Top of EXERCISE DATA

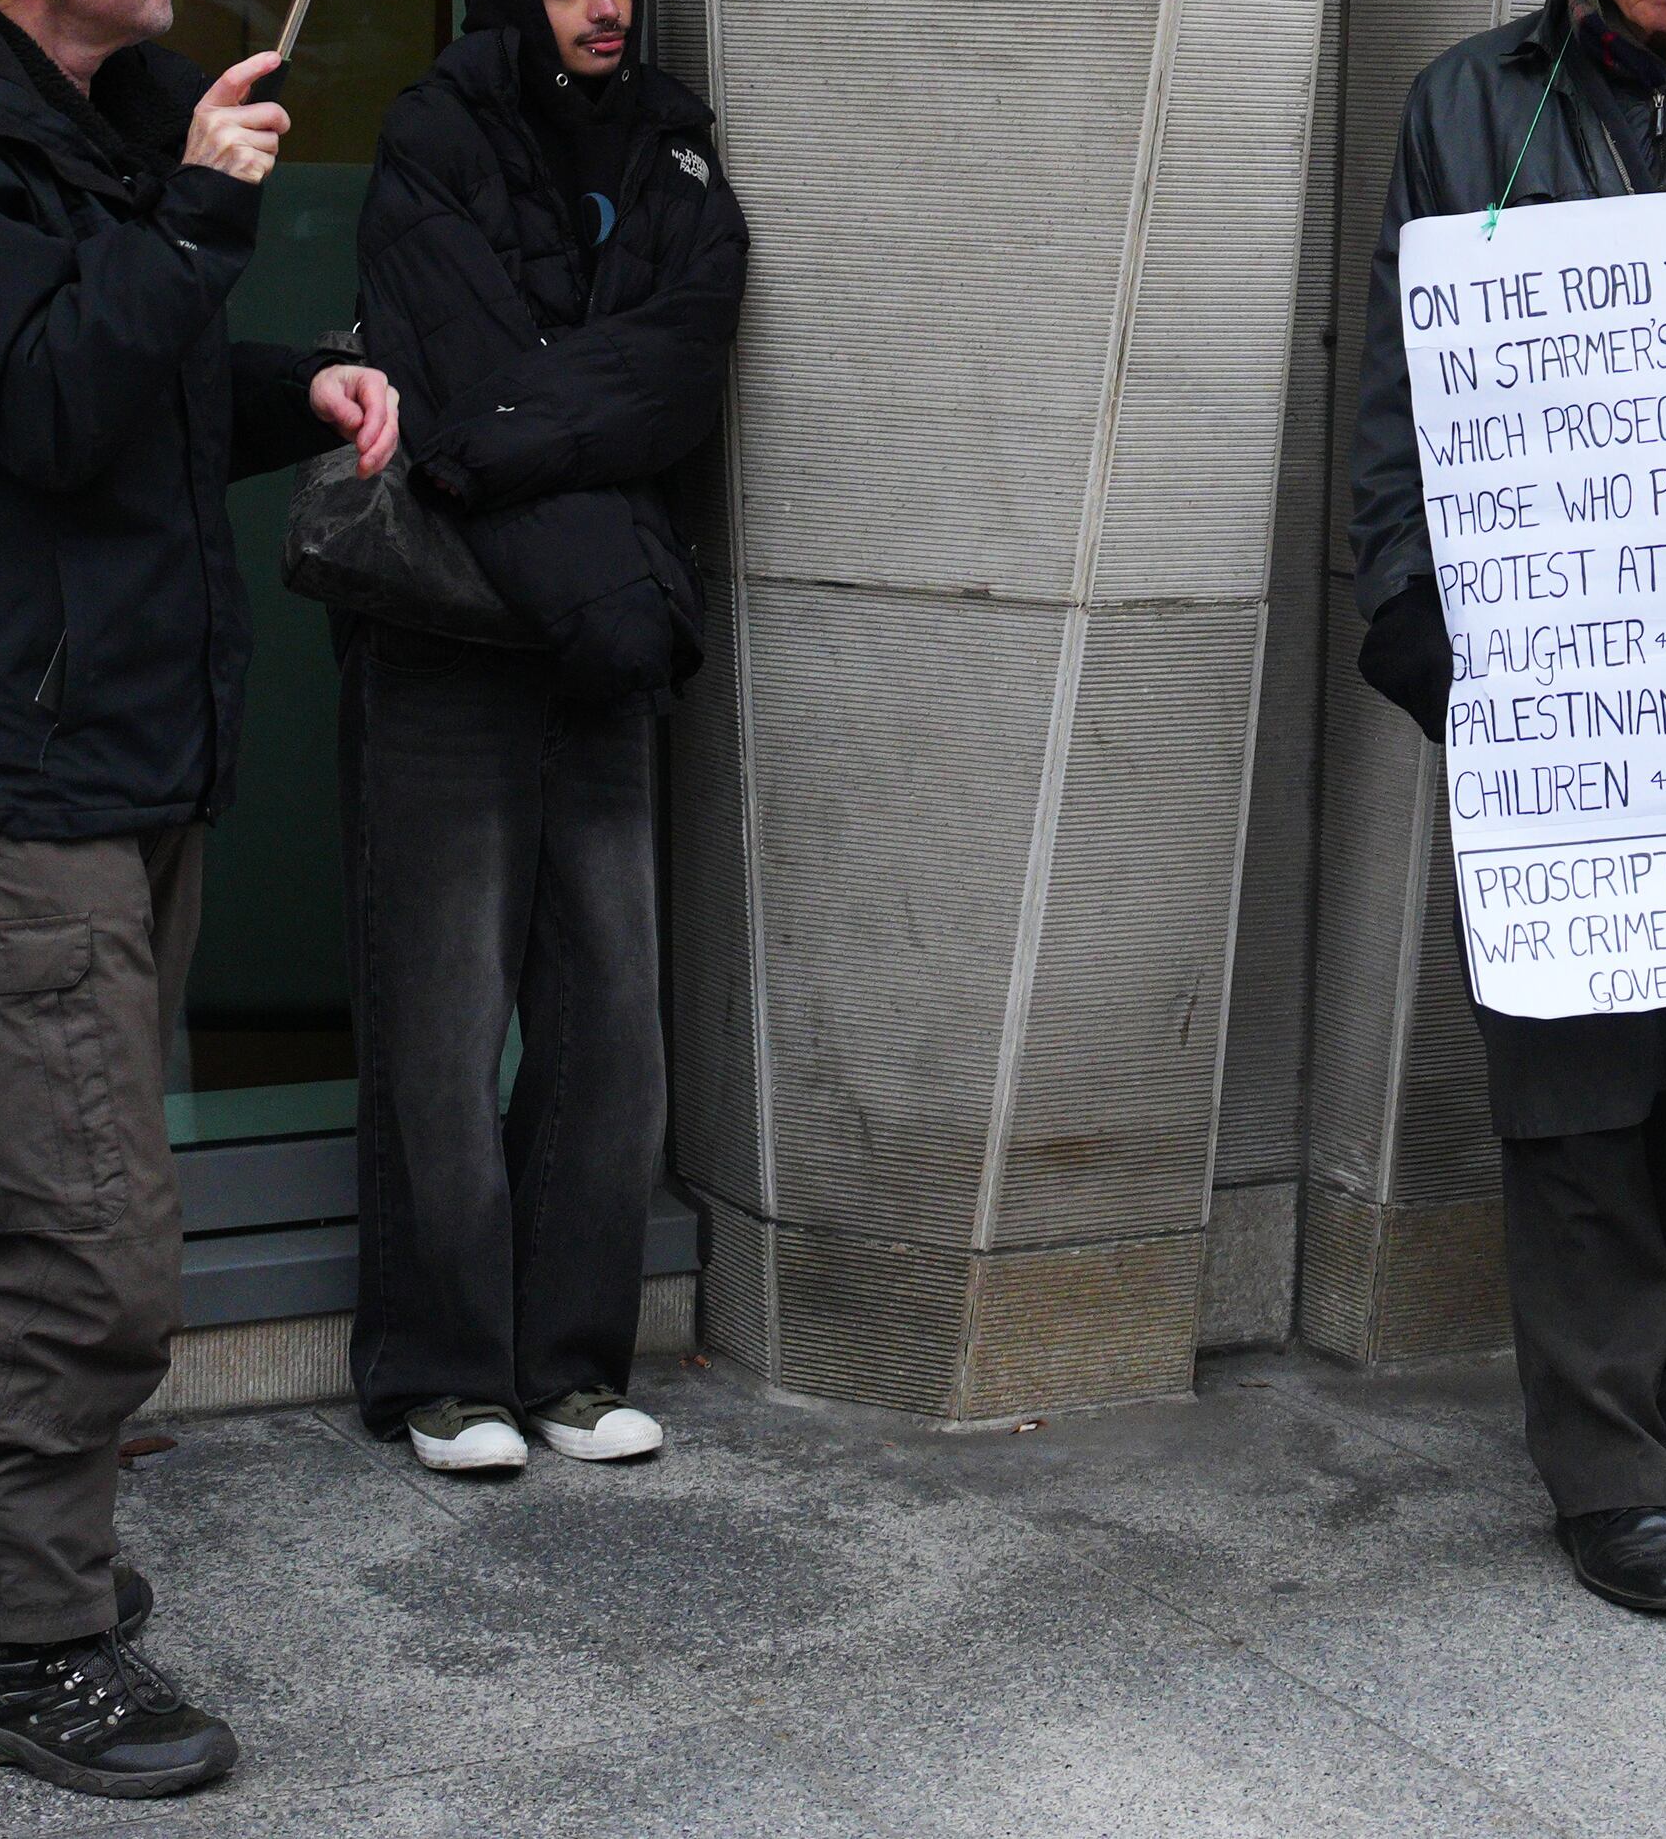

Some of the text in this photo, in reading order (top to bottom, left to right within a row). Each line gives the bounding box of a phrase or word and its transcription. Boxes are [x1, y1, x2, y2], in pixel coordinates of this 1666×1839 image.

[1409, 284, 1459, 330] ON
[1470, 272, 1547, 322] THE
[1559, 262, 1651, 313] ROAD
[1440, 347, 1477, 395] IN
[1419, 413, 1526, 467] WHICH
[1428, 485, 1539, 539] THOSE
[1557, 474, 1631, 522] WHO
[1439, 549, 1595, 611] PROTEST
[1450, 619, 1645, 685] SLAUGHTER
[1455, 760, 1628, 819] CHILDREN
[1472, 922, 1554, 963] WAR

Bottom of EXERCISE DATA

§ **WORK INSTRUCTIONS**: What is needed is an exact printout of all the entries, without the pictures.

§ **REPLY**:
Some of the text in this photo, in reading order (top to bottom, left to right within a row). Each line gives the bounding box of a phrase or word and its transcription. Boxes are [x1, y1, x2, y2], in pixel coordinates of this 1666×1839 image.

[1409, 284, 1459, 330] ON
[1470, 272, 1547, 322] THE
[1559, 262, 1651, 313] ROAD
[1440, 347, 1477, 395] IN
[1419, 413, 1526, 467] WHICH
[1428, 485, 1539, 539] THOSE
[1557, 474, 1631, 522] WHO
[1439, 549, 1595, 611] PROTEST
[1450, 619, 1645, 685] SLAUGHTER
[1455, 760, 1628, 819] CHILDREN
[1472, 922, 1554, 963] WAR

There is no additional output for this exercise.